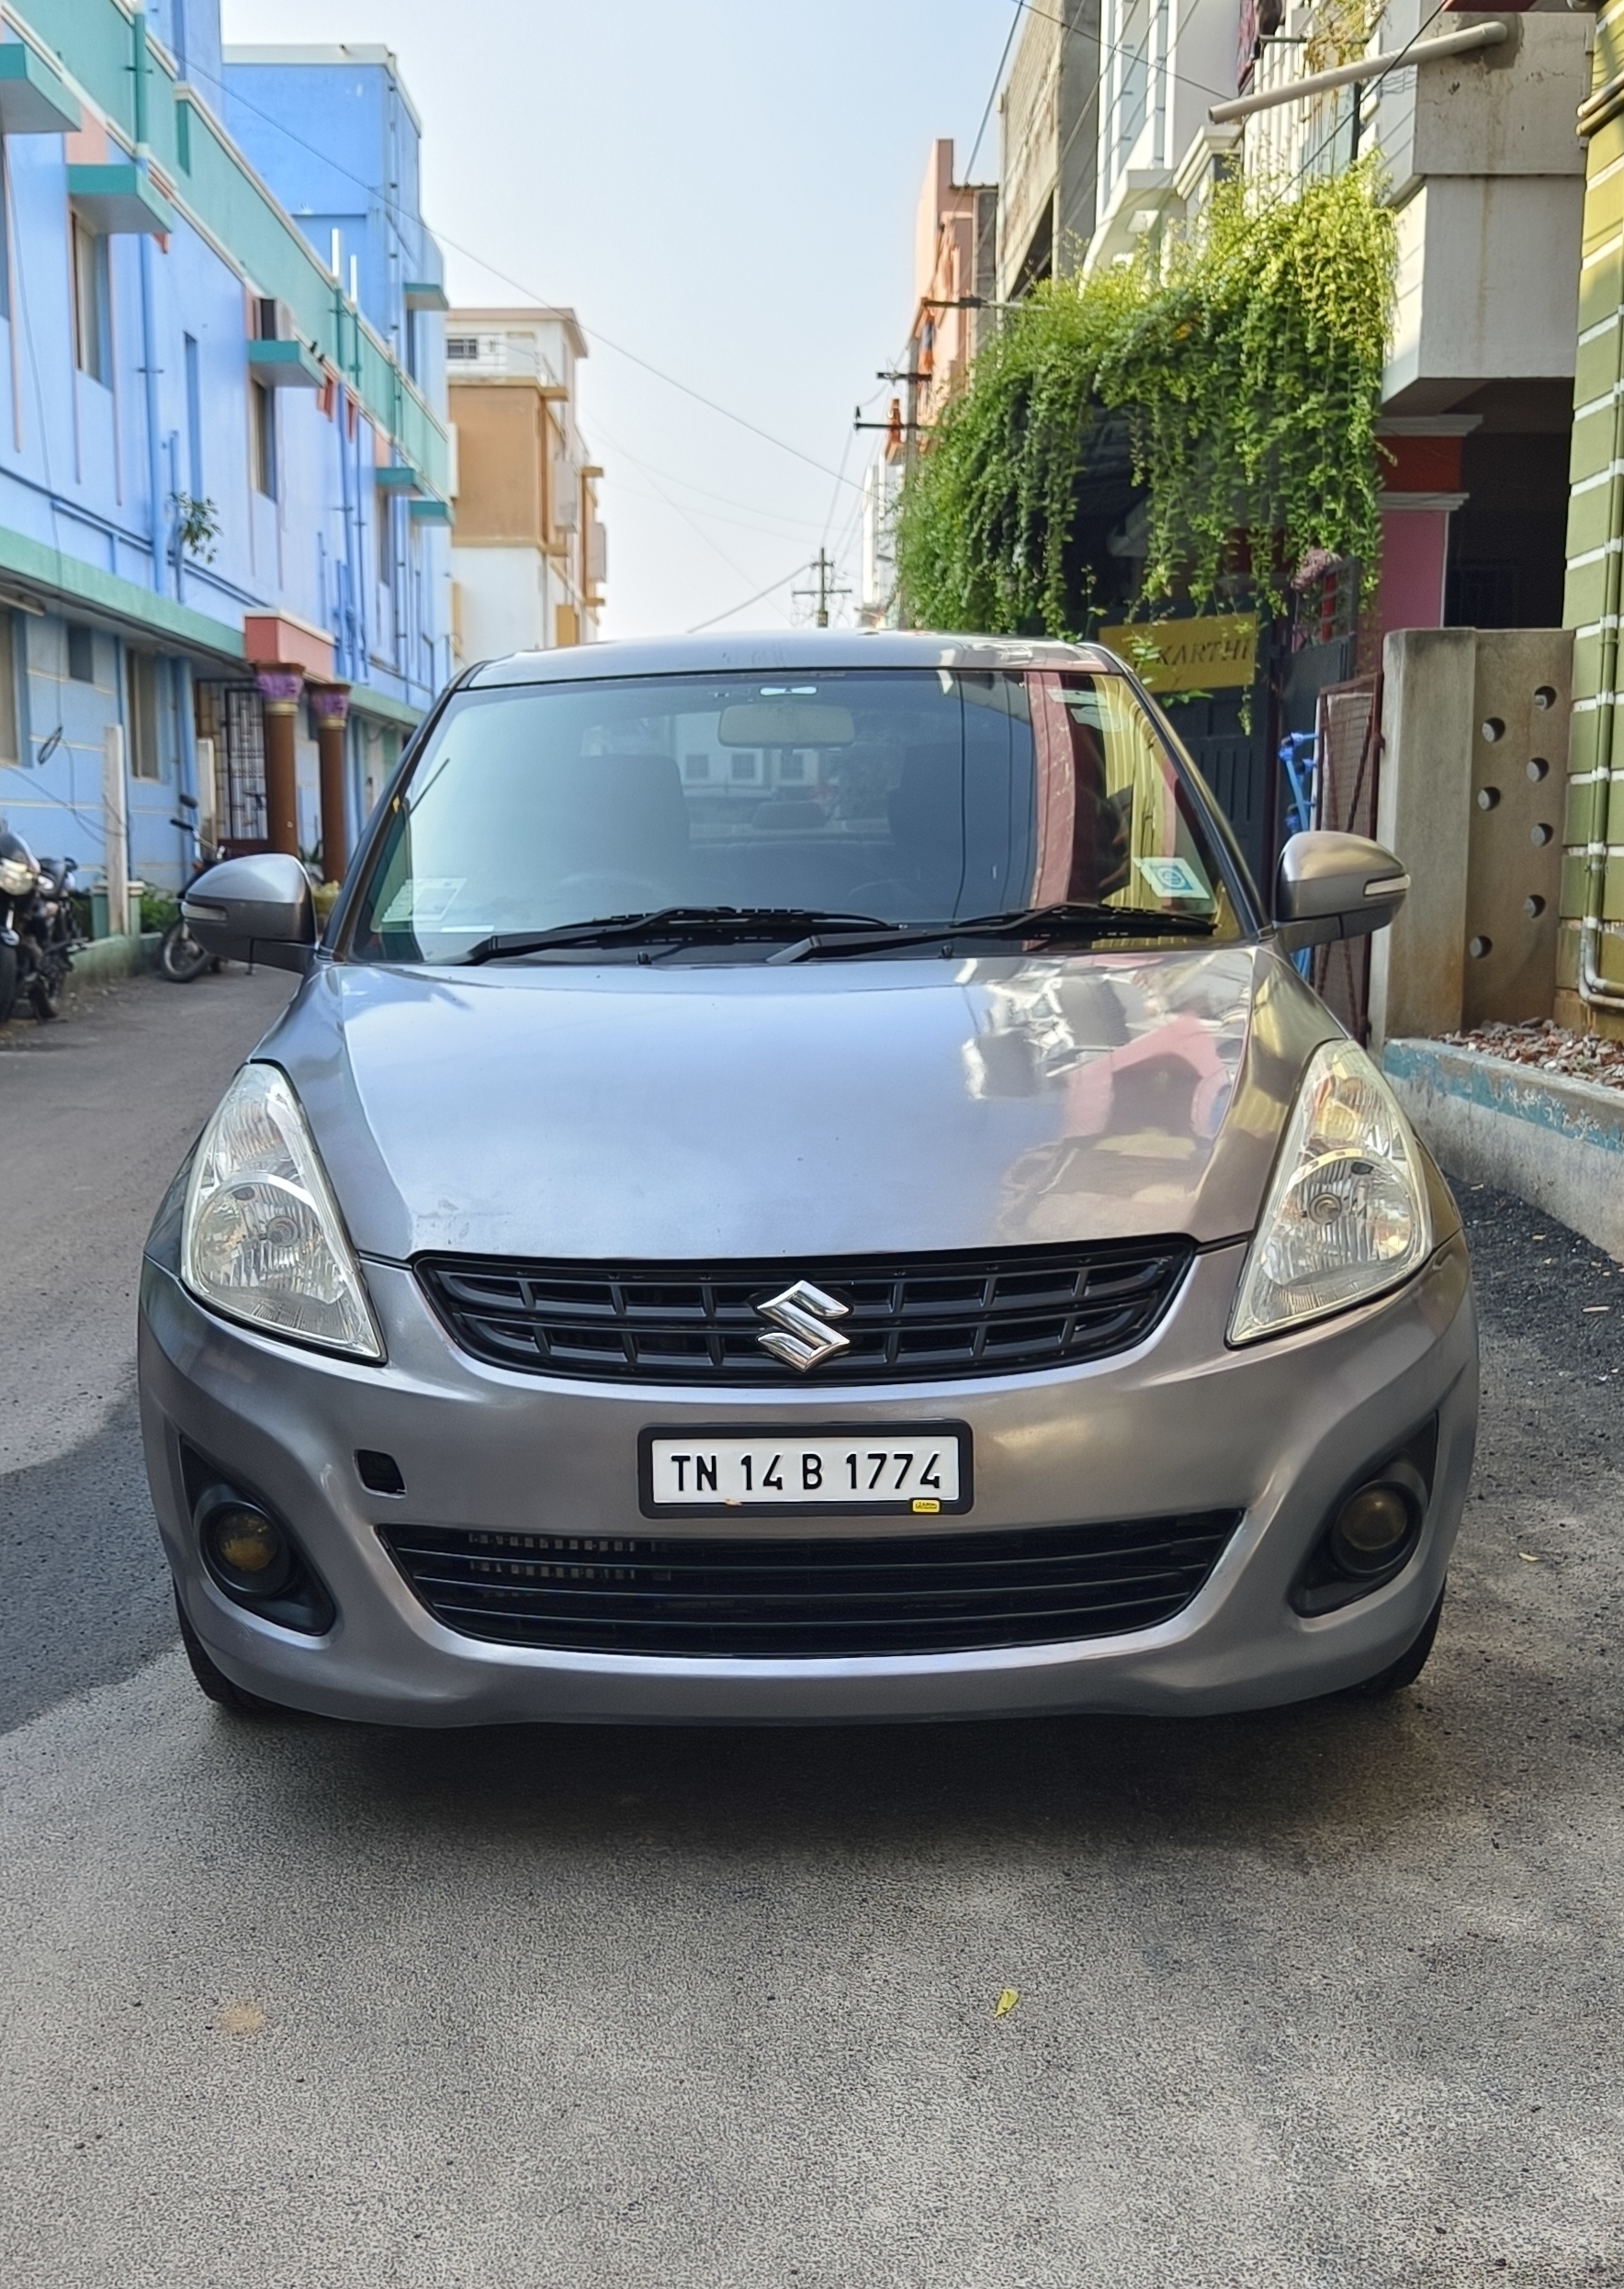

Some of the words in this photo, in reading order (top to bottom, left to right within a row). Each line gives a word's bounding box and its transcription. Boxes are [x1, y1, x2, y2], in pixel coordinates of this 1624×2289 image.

[671, 1455, 718, 1492] TN
[740, 1454, 784, 1491] 14
[802, 1453, 823, 1490] B
[845, 1452, 942, 1489] 1774

Your instructions: Repeat every entry above exactly as written and omit any pictures it holds.

Solution:
Some of the words in this photo, in reading order (top to bottom, left to right within a row). Each line gives a word's bounding box and its transcription. Boxes are [x1, y1, x2, y2], in pixel coordinates of this 1624×2289 image.

[671, 1455, 718, 1492] TN
[740, 1454, 784, 1491] 14
[802, 1453, 823, 1490] B
[845, 1452, 942, 1489] 1774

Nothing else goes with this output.